Synergistic combinatorial delivery system based on nanoliposome encapsulating doxorubicin and sorafenib for broad-spectrum cancer treatment.

Abstract

A novel combination delivery approach entrapping Sorafenib inside a nanoliposome bilayer and Doxorubicin within the aqueous core to achieve the broad-spectrum synergistic chemotherapeutic effect. DOX-SOR liposomes were synthesized by thin film hydration and characterized using UV-visible spectroscopy, Fourier Transform Infrared Spectroscopy, Dynamic Light Scattering, Fluorescence, and Scanning Electron Microscopy, followed by cytotoxicity assessments. Nanoliposomes demonstrated effective loading and encapsulation of Doxorubicin (10.23% ± 0.65 and 89.65% ± 0.52) and Sorafenib (10.42% ± 0.50 and 85.35% ± 0.72) with a 165 nm ± 1.34 mean diameter, -15.2 ± 1.78 zeta potential, and 75% ± 1.92 of cumulative release.

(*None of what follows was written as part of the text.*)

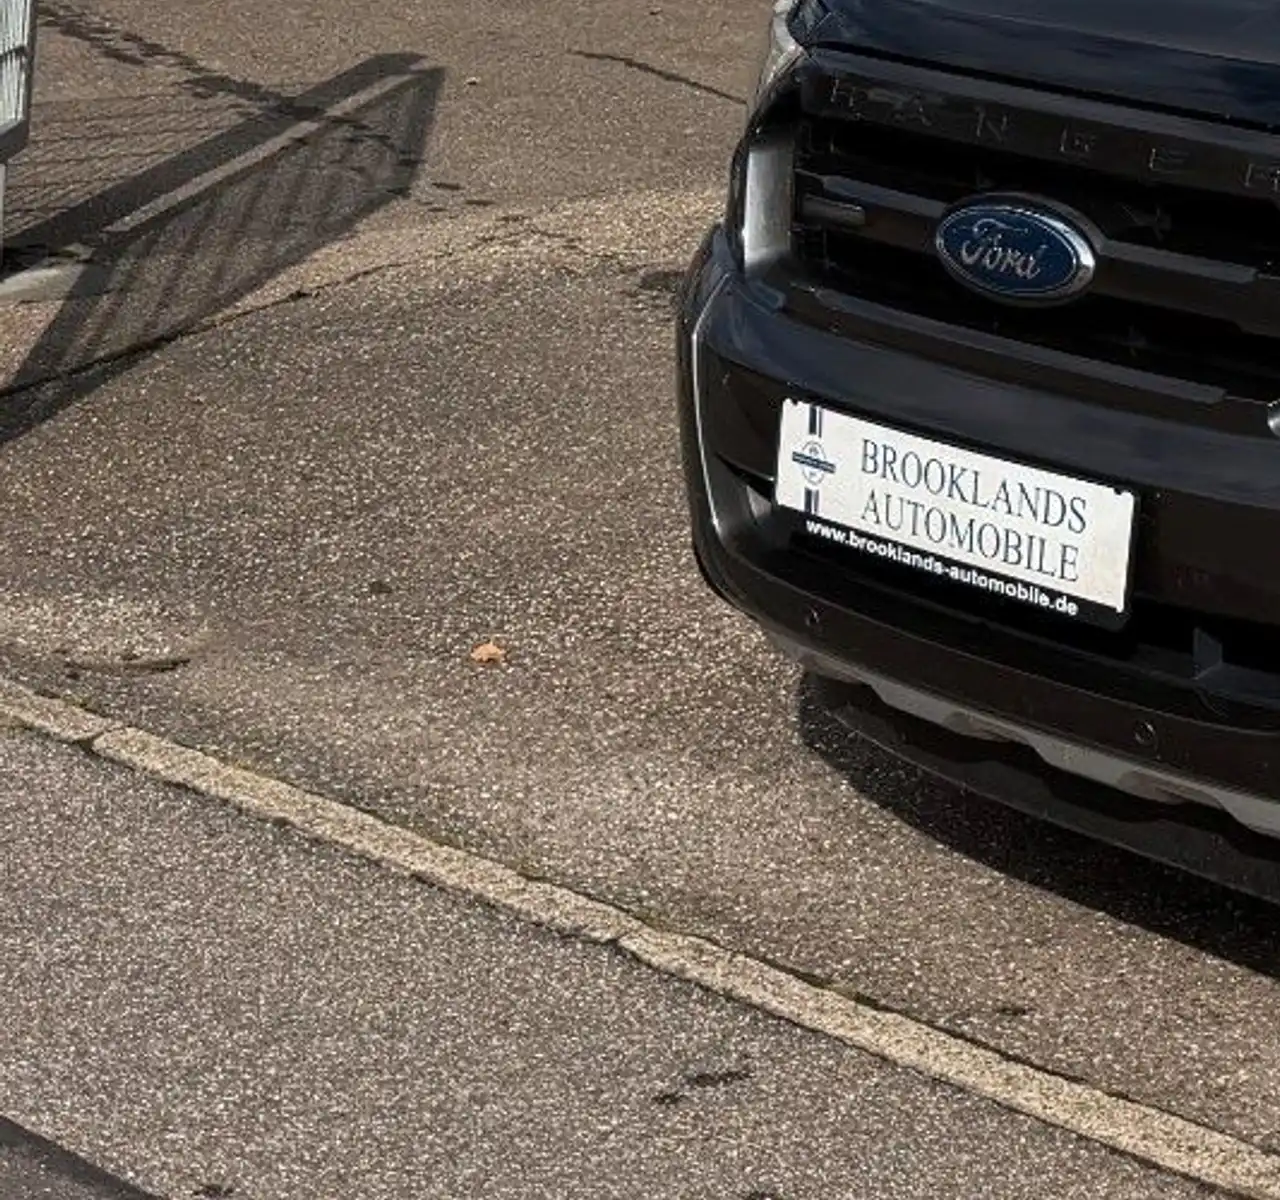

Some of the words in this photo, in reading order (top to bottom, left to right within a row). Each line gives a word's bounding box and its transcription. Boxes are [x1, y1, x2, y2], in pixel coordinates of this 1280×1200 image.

[953, 217, 1049, 280] Ford
[860, 438, 1088, 534] BROOKLANDS
[805, 518, 1080, 617] www.brooklands-automobile.de
[860, 489, 1081, 583] AUTOMOBILE

In vitro analysis of nanoliposomes demonstrated biocompatibility up to 250 µg/mL concentration (p < 0.05), enhanced intracellular localization in Hep2c cell lines, 91% ± 1.72 cytotoxic effects (p < 0.0001) with IC₅₀ up to 127µg/mL, 21% ± 0.89 cell viability with 85% apoptosis (p < 0.0001) using flow cytometer. This study presents a promising treatment approach using a multidrug-loaded nanoliposomes for broad-spectrum synergistic chemotherapy.